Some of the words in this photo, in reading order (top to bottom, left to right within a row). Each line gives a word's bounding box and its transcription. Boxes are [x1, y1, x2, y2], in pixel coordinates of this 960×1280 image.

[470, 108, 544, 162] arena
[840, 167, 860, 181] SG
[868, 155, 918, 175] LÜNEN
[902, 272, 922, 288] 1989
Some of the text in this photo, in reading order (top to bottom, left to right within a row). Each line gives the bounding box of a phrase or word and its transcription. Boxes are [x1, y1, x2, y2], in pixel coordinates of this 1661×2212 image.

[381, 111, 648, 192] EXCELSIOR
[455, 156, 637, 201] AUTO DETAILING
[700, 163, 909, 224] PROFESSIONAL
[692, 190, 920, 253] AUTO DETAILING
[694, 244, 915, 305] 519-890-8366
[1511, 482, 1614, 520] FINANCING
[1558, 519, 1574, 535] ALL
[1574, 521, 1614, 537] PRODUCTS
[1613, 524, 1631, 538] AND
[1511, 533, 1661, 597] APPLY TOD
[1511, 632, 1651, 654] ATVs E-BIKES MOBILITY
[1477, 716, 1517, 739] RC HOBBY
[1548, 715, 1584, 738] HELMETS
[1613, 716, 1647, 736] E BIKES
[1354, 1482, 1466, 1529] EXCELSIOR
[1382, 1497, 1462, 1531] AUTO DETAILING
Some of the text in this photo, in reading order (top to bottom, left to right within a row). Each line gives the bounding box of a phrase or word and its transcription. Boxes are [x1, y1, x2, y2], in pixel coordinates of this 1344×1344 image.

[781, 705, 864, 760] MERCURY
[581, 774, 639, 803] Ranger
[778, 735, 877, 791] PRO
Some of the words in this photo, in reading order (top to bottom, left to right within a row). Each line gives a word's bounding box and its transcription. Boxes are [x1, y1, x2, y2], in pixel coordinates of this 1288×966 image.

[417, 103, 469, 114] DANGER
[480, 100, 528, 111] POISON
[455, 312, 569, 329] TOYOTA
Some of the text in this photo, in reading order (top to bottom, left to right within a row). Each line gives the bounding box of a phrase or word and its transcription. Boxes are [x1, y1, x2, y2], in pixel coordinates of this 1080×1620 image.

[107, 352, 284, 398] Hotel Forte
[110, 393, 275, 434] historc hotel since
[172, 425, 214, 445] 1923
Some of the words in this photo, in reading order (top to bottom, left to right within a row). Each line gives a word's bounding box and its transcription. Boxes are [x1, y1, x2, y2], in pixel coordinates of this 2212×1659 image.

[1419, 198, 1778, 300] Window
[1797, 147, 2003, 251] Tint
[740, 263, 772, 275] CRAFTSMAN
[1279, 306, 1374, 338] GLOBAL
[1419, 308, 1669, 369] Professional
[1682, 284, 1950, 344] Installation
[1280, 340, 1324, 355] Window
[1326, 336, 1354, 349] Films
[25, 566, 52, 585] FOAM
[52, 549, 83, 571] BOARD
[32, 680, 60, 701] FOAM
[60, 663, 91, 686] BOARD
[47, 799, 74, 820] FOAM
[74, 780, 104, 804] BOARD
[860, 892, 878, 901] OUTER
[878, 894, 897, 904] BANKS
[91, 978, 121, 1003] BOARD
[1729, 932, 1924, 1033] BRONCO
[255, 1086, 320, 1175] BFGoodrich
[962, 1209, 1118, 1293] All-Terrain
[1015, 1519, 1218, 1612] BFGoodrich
----
[Directions]
Give back the full listing exactly as it stands above.

[Written answer]
Some of the words in this photo, in reading order (top to bottom, left to right within a row). Each line gives a word's bounding box and its transcription. Boxes are [x1, y1, x2, y2], in pixel coordinates of this 960×1280 image.

[470, 108, 544, 162] arena
[840, 167, 860, 181] SG
[868, 155, 918, 175] LÜNEN
[902, 272, 922, 288] 1989
Some of the text in this photo, in reading order (top to bottom, left to right within a row). Each line gives the bounding box of a phrase or word and its transcription. Boxes are [x1, y1, x2, y2], in pixel coordinates of this 1661×2212 image.

[381, 111, 648, 192] EXCELSIOR
[455, 156, 637, 201] AUTO DETAILING
[700, 163, 909, 224] PROFESSIONAL
[692, 190, 920, 253] AUTO DETAILING
[694, 244, 915, 305] 519-890-8366
[1511, 482, 1614, 520] FINANCING
[1558, 519, 1574, 535] ALL
[1574, 521, 1614, 537] PRODUCTS
[1613, 524, 1631, 538] AND
[1511, 533, 1661, 597] APPLY TOD
[1511, 632, 1651, 654] ATVs E-BIKES MOBILITY
[1477, 716, 1517, 739] RC HOBBY
[1548, 715, 1584, 738] HELMETS
[1613, 716, 1647, 736] E BIKES
[1354, 1482, 1466, 1529] EXCELSIOR
[1382, 1497, 1462, 1531] AUTO DETAILING
Some of the text in this photo, in reading order (top to bottom, left to right within a row). Each line gives the bounding box of a phrase or word and its transcription. Boxes are [x1, y1, x2, y2], in pixel coordinates of this 1344×1344 image.

[781, 705, 864, 760] MERCURY
[581, 774, 639, 803] Ranger
[778, 735, 877, 791] PRO
Some of the words in this photo, in reading order (top to bottom, left to right within a row). Each line gives a word's bounding box and its transcription. Boxes are [x1, y1, x2, y2], in pixel coordinates of this 1288×966 image.

[417, 103, 469, 114] DANGER
[480, 100, 528, 111] POISON
[455, 312, 569, 329] TOYOTA
Some of the text in this photo, in reading order (top to bottom, left to right within a row). Each line gives the bounding box of a phrase or word and its transcription. Boxes are [x1, y1, x2, y2], in pixel coordinates of this 1080×1620 image.

[107, 352, 284, 398] Hotel Forte
[110, 393, 275, 434] historc hotel since
[172, 425, 214, 445] 1923
Some of the words in this photo, in reading order (top to bottom, left to right within a row). Each line gives a word's bounding box and its transcription. Boxes are [x1, y1, x2, y2], in pixel coordinates of this 2212×1659 image.

[1419, 198, 1778, 300] Window
[1797, 147, 2003, 251] Tint
[740, 263, 772, 275] CRAFTSMAN
[1279, 306, 1374, 338] GLOBAL
[1419, 308, 1669, 369] Professional
[1682, 284, 1950, 344] Installation
[1280, 340, 1324, 355] Window
[1326, 336, 1354, 349] Films
[25, 566, 52, 585] FOAM
[52, 549, 83, 571] BOARD
[32, 680, 60, 701] FOAM
[60, 663, 91, 686] BOARD
[47, 799, 74, 820] FOAM
[74, 780, 104, 804] BOARD
[860, 892, 878, 901] OUTER
[878, 894, 897, 904] BANKS
[91, 978, 121, 1003] BOARD
[1729, 932, 1924, 1033] BRONCO
[255, 1086, 320, 1175] BFGoodrich
[962, 1209, 1118, 1293] All-Terrain
[1015, 1519, 1218, 1612] BFGoodrich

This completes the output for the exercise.